| 26 October 2007 More specialist nursing courses The Straits Times - pg H16
By Judith Tan
SPECIALIST courses in areas such as palliative care and chronic disease management will be offered to nurses from next year at the Alice Lee Institute of Advanced Nursing.
They will be added to the list of specialist courses now offered by the institute.
Madam Lim Swee Hia, SingHealth's director of nursing, said the new courses will help meet increasing demand for specialised care in a rapidly ageing society.
Nurses will, for example, learn skills relevant to palliative care. 'They can, in turn, teach patients and their caregivers on providing care for terminally ill patients,' she said.

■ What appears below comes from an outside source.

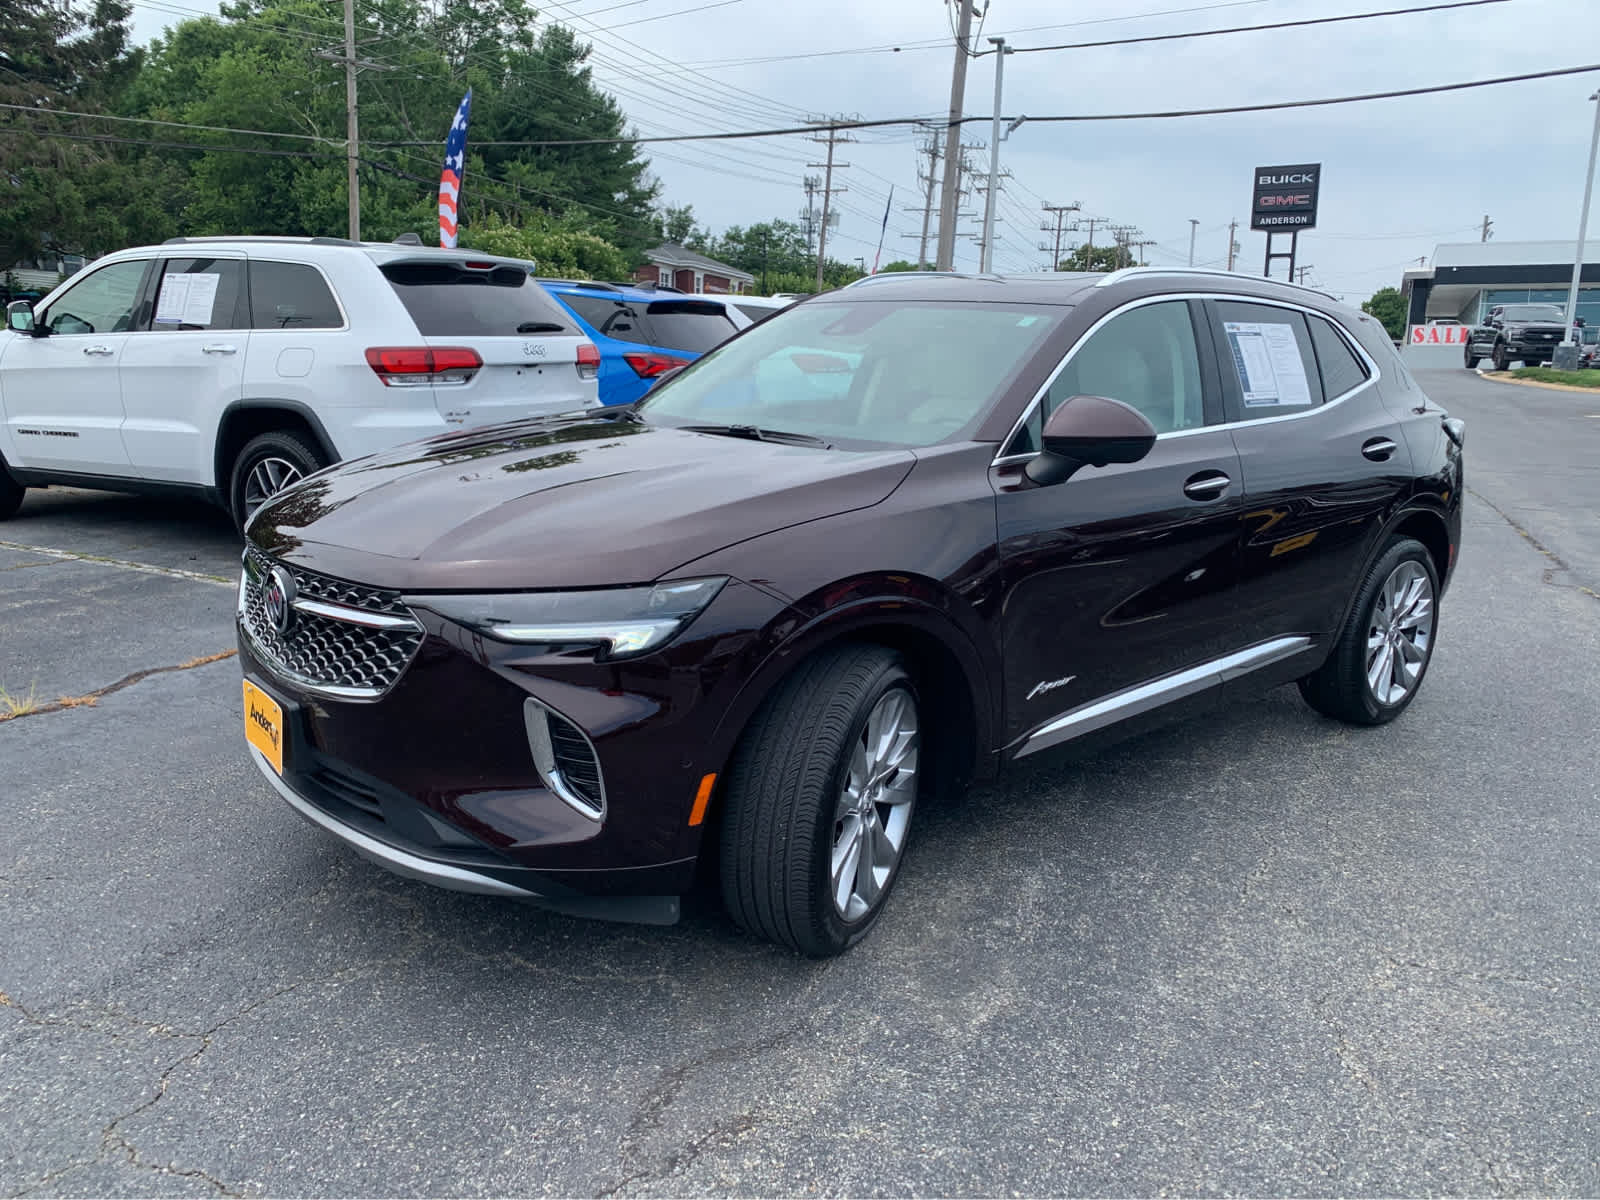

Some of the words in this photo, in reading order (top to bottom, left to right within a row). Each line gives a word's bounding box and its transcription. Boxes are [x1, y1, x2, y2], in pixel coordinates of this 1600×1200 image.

[1259, 174, 1314, 185] BUICK
[1259, 194, 1310, 206] GMC
[1259, 216, 1308, 225] ANDERSON

Madam Lim said nurses will also be trained in bereavement management. The institute is looking into incorporating this in its syllabus.
She spoke at SingHealth's annual nursing conference yesterday. The three-day event was attended by more than 500 local and overseas nurses and health-care professionals.
Yesterday also saw a pioneer batch of 79 nursing and para-nursing staff graduate from the health group's three advanced skills and developmental training programmes.
Among them was Madam Parvathy Karupiah, 50. After leaving the manufacturing sector, she stumbled onto the SingHealth booth at a career fair. She has been working at Singapore General Hospital as a patient care assistant - a para-nursing position - since 2003.
The guest of honour at the conference, Minister in the Prime Minister's Office Lim Swee Say, said more than 600 retrenched and unemployed workers have been retrained and started careers in the health-care industry as patient care and health-care assistants.
In order to upgrade nurses' knowledge of advanced health care, SingHealth is working closely with the nursing group at the Mayo Clinic in the United States on the impact of such influences as family history and genomics.